Alors que les indicateurs socioéconomiques sont plutôt bons, les Centres sociaux protestants dressent un constat préoccupant sur le terrain

SYLVIA REVELLO @sylviarevello

Des dépenses pour l’aide sociale en baisse de 1,2% en 2021, un taux de chômage historiquement bas ou encore une inflation modérée par rapport aux voisins européens: ces indicateurs auraient de quoi rassurer. Mais pour les Centres sociaux protestants (CSP) romands, ces chiffres cachent une réalité préoccupante. Sur le terrain, la précarité augmente bel et bien, mais se manifeste sous d’autres formes: le recours aux aides directes, notamment les colis alimentaires et les vêtements de seconde main, ou encore les aides privées.

Fréquentations en hausse

Autre symptôme de cette situation paradoxale: l’augmentation du nombre de ménages qui ne parviennent pas à faire face aux charges de première nécessité, comme le loyer ou les primes d’assurance maladie, et s’adressent directement aux CSP. L’antenne vaudoise enregistre ainsi un doublement des demandes d’aides financières entre 2019 et 2022, passant de 102 ménages soutenus pour un montant de 88000 francs à 198 familles pour 201000 francs. Si le nombre de dossiers traités est resté stable à Genève, les montants octroyés ont eux aussi augmenté, passant de 345000 francs en 2019 à 422000 en 2022. Comment l’expliquer? «Les personnes que la pandémie a forcées à sortir de l’ombre échappent toujours au filet social et font appel à d’autres formes de solidarité», évoque Caroline Regamey, chargée de politique et action sociales au CSP Vaud.

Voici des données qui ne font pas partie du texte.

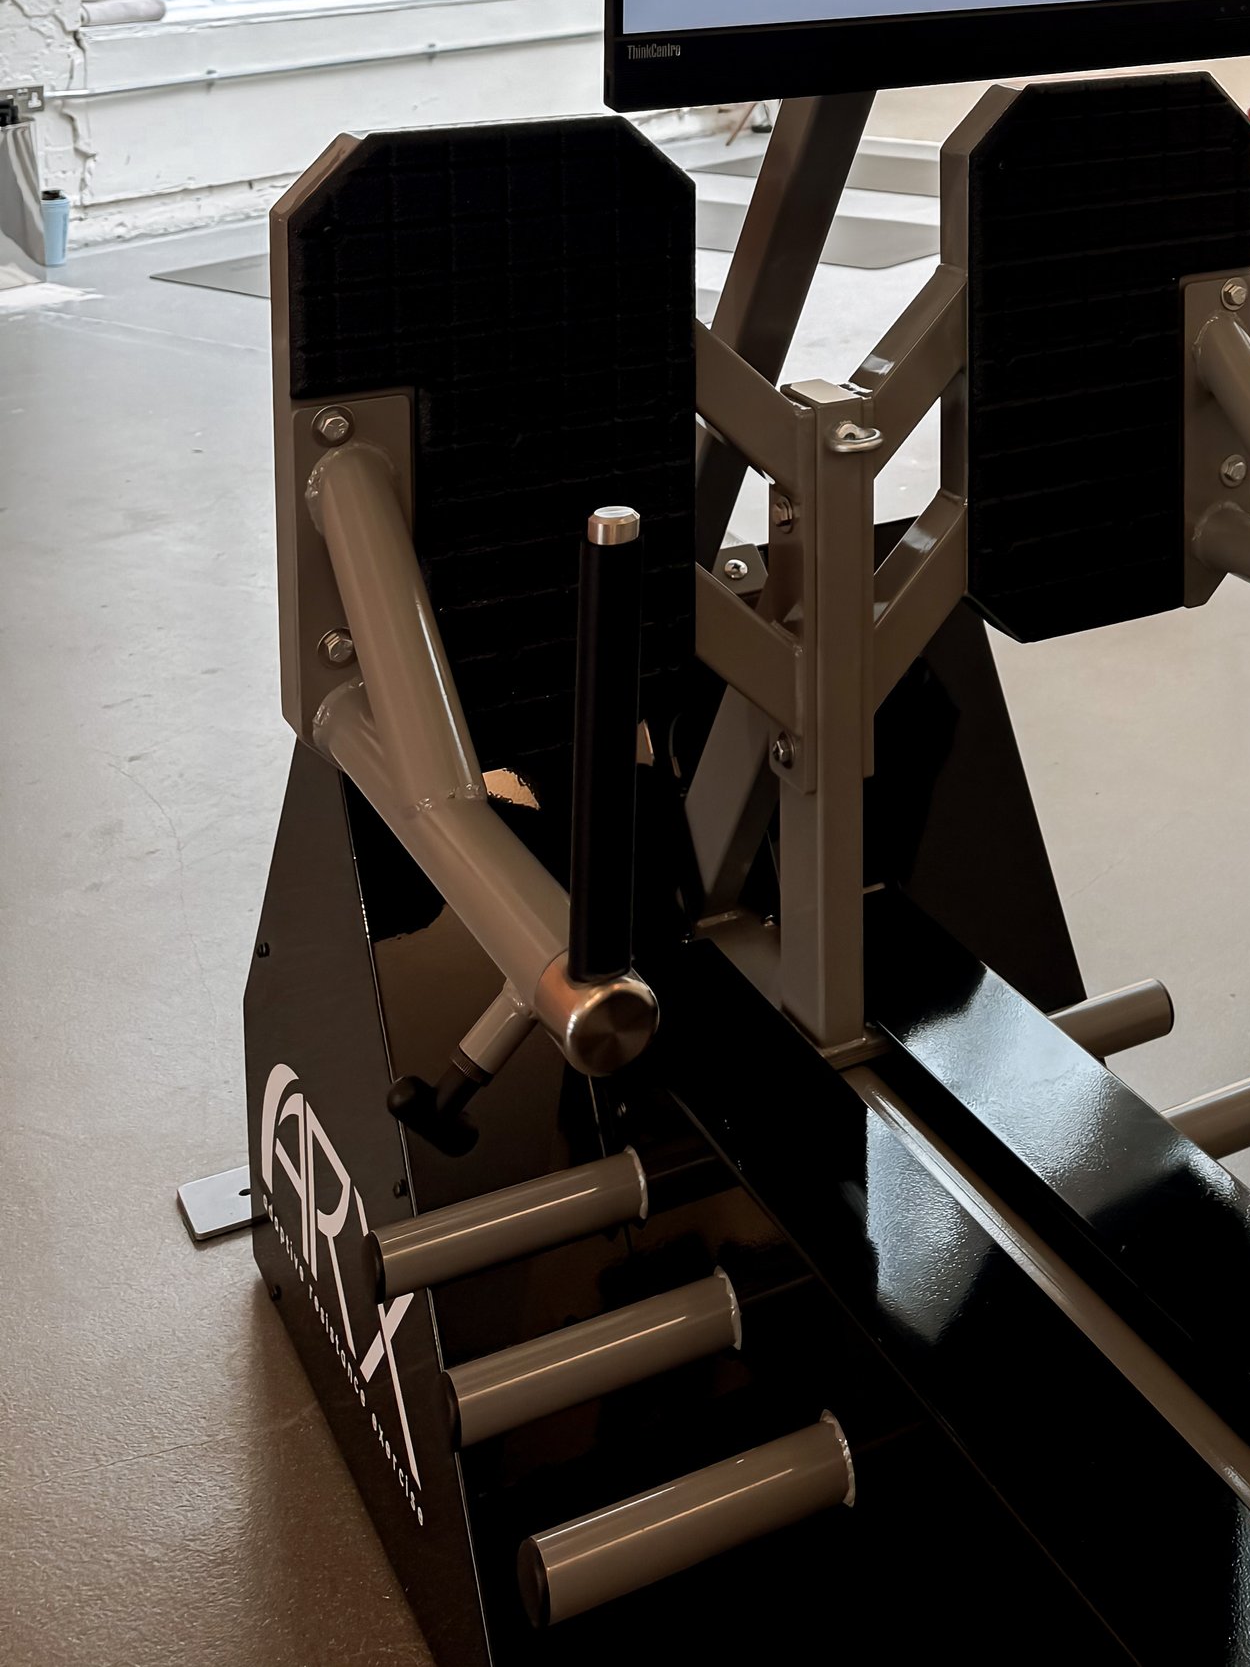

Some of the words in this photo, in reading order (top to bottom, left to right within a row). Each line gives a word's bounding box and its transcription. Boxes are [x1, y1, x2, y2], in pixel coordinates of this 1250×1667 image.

De même, à Genève, la fréquentation des Colis du coeur a explosé depuis la pandémie pour s’établir à 13600 personnes en 2022. Idem pour le Vestiaire social (+14% sans compter les réfugiés ukrainiens). Le profil des bénéficiaires est multiple, allant de la classe moyenne inférieure aux personnes détentrices de permis B ou C, qui renoncent à solliciter des aides par crainte de voir leur autorisation de séjour non renouvelée, ou encore aux requérants d’asile. «On peut supposer que la pandémie a démocratisé ces soutiens qui ne nécessitent pas une identification auprès des autorités, contrairement à l’aide sociale», indique Alain Bolle, directeur du CSP Genève.

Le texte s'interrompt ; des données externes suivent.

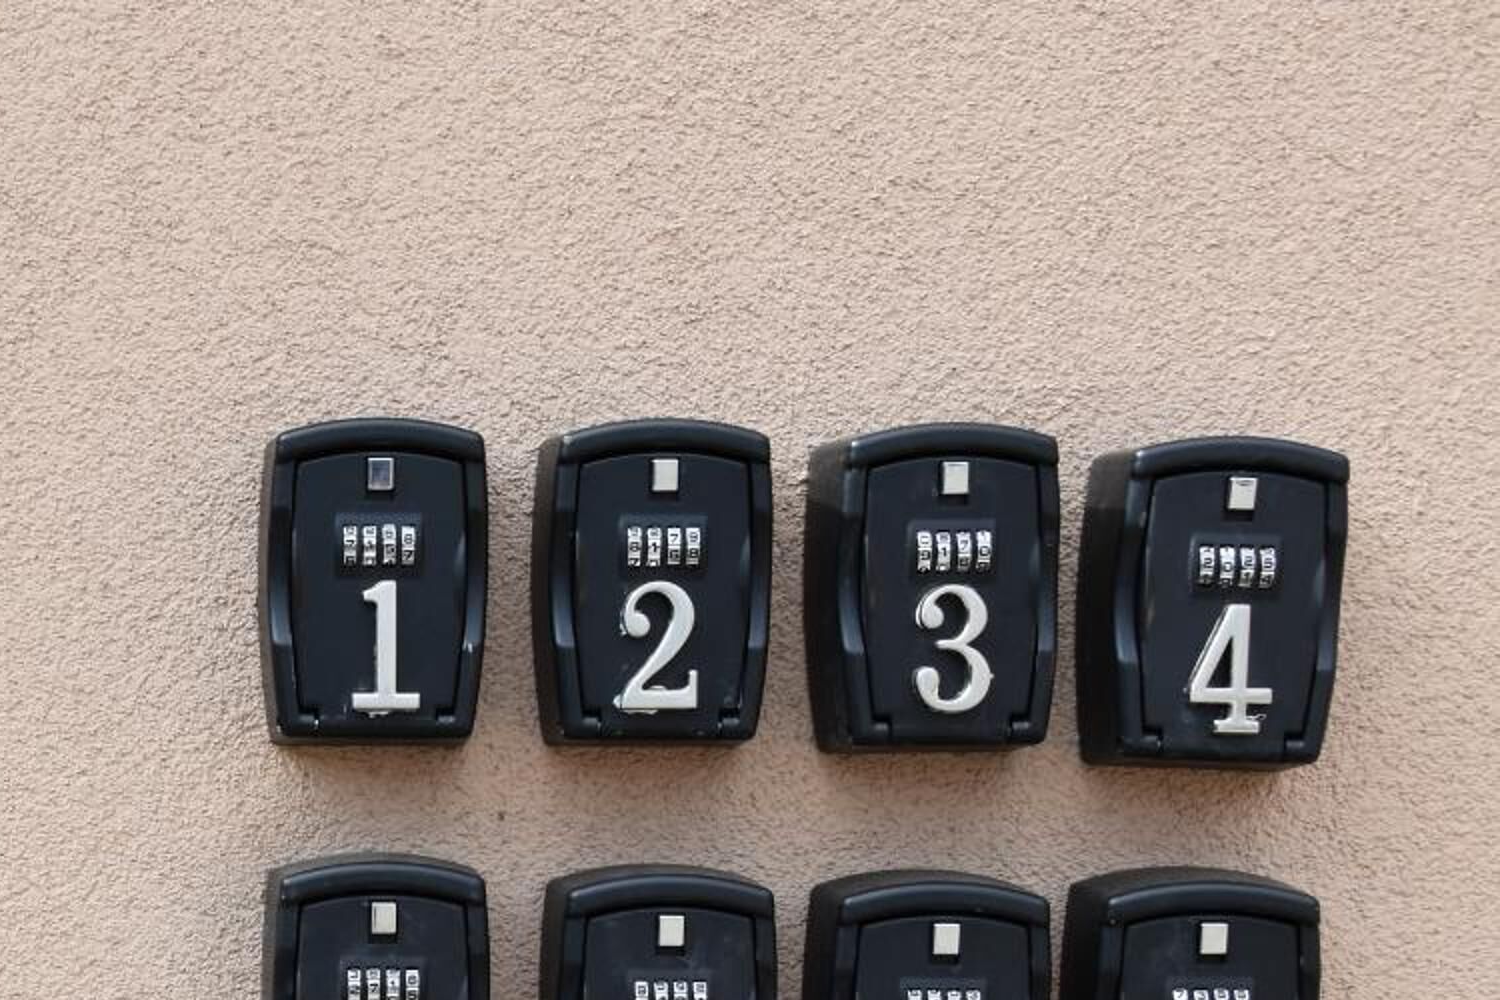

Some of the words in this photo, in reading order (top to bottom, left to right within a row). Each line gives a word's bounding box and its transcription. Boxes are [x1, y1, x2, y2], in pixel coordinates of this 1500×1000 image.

[352, 580, 420, 709] 1
[614, 581, 698, 710] 2
[915, 584, 994, 713] 3
[1189, 603, 1273, 734] 4
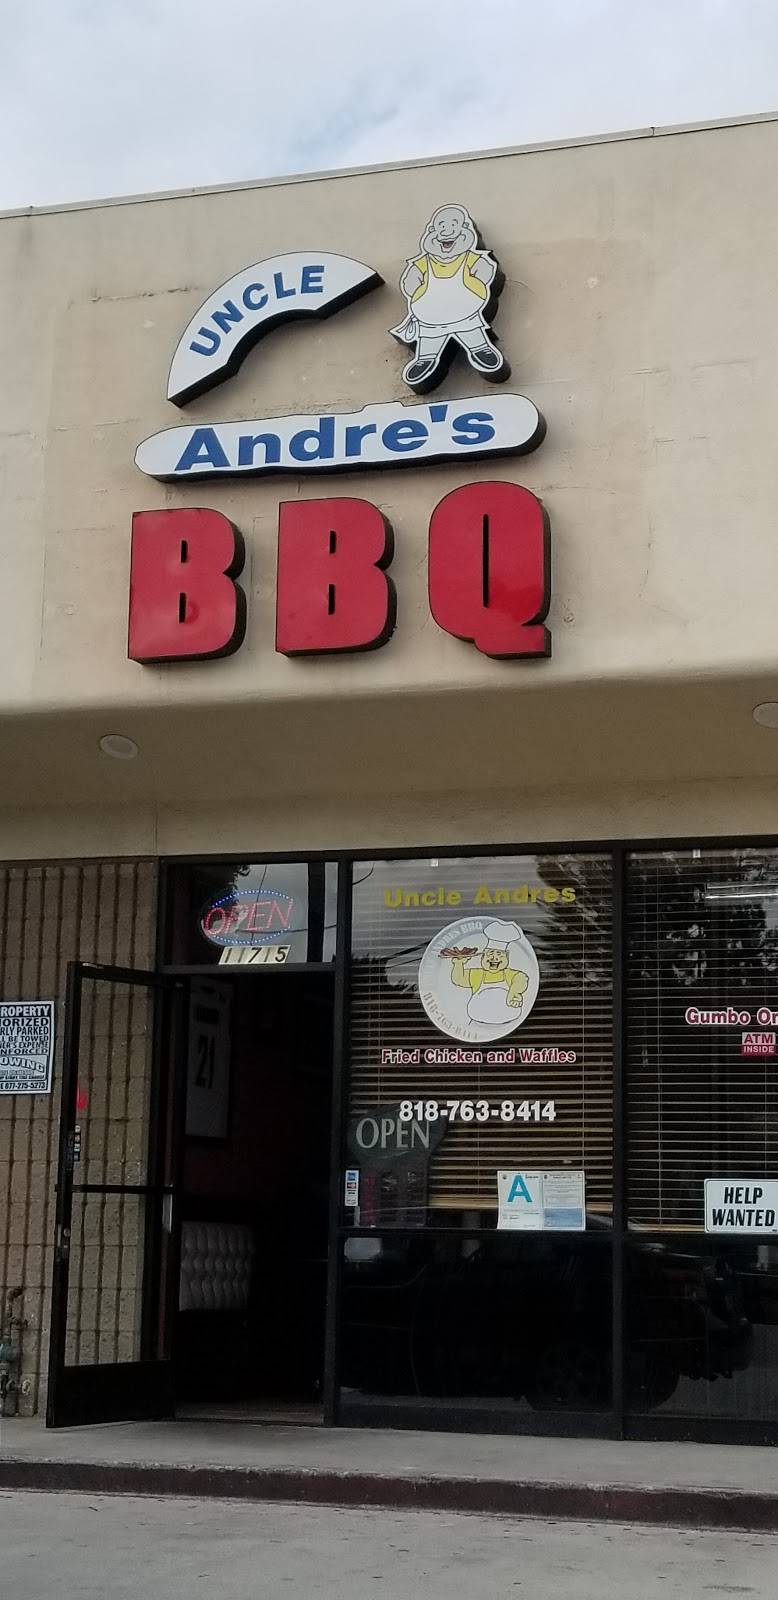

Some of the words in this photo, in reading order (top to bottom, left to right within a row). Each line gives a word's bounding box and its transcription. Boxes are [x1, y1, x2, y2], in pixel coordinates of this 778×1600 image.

[189, 265, 325, 357] UNCLE
[174, 405, 496, 471] Andre's
[128, 481, 551, 662] BBQ
[384, 887, 462, 907] Uncle
[474, 885, 577, 904] Andres
[203, 899, 293, 934] OPEN
[225, 947, 288, 962] 11715
[1, 1006, 50, 1017] ROPERTY
[685, 1007, 751, 1025] Gumbo
[0, 1027, 15, 1035] RLY
[17, 1026, 48, 1035] PARKED
[744, 1034, 773, 1043] ATM
[381, 1050, 420, 1063] Fried
[424, 1049, 482, 1063] Chicken
[488, 1049, 515, 1063] and
[519, 1048, 577, 1063] Waffles
[400, 1100, 556, 1121] 818-763-8414
[355, 1118, 430, 1149] OPEN
[506, 1174, 532, 1203] A
[724, 1187, 763, 1204] HELP
[712, 1209, 775, 1226] WANTED

Face à la crise énergétique, à l’inflation et à la hausse des primes d’assurance maladie, les cantons ont pris des mesures éparses: rentes AVS et AI partiellement indexées, subsides extraordinaires, aide sociale, subsides et allocations revus à la hausse. «Des efforts bienvenus mais qui, encore une fois, ne touchent que les ayants droit, relève Pierre Ammann, directeur du CSP Berne-Jura. Les personnes sous les radars restent fragiles et risquent de contracter des dettes pour faire face.»

Cartographier les besoins

Au chapitre des recommandations, les CSP plaident pour intensifier la lutte contre le non-recours aux prestations, notamment chez les permis B et C, mais aussi pour soutenir la classe moyenne inférieure qui n’atteint pas les barèmes d’aide. Autre enjeu: mieux cartographier les besoins. Pour l’heure, seul le canton de Vaud dispose d’un Observatoire des précarités, créé en mai 2022.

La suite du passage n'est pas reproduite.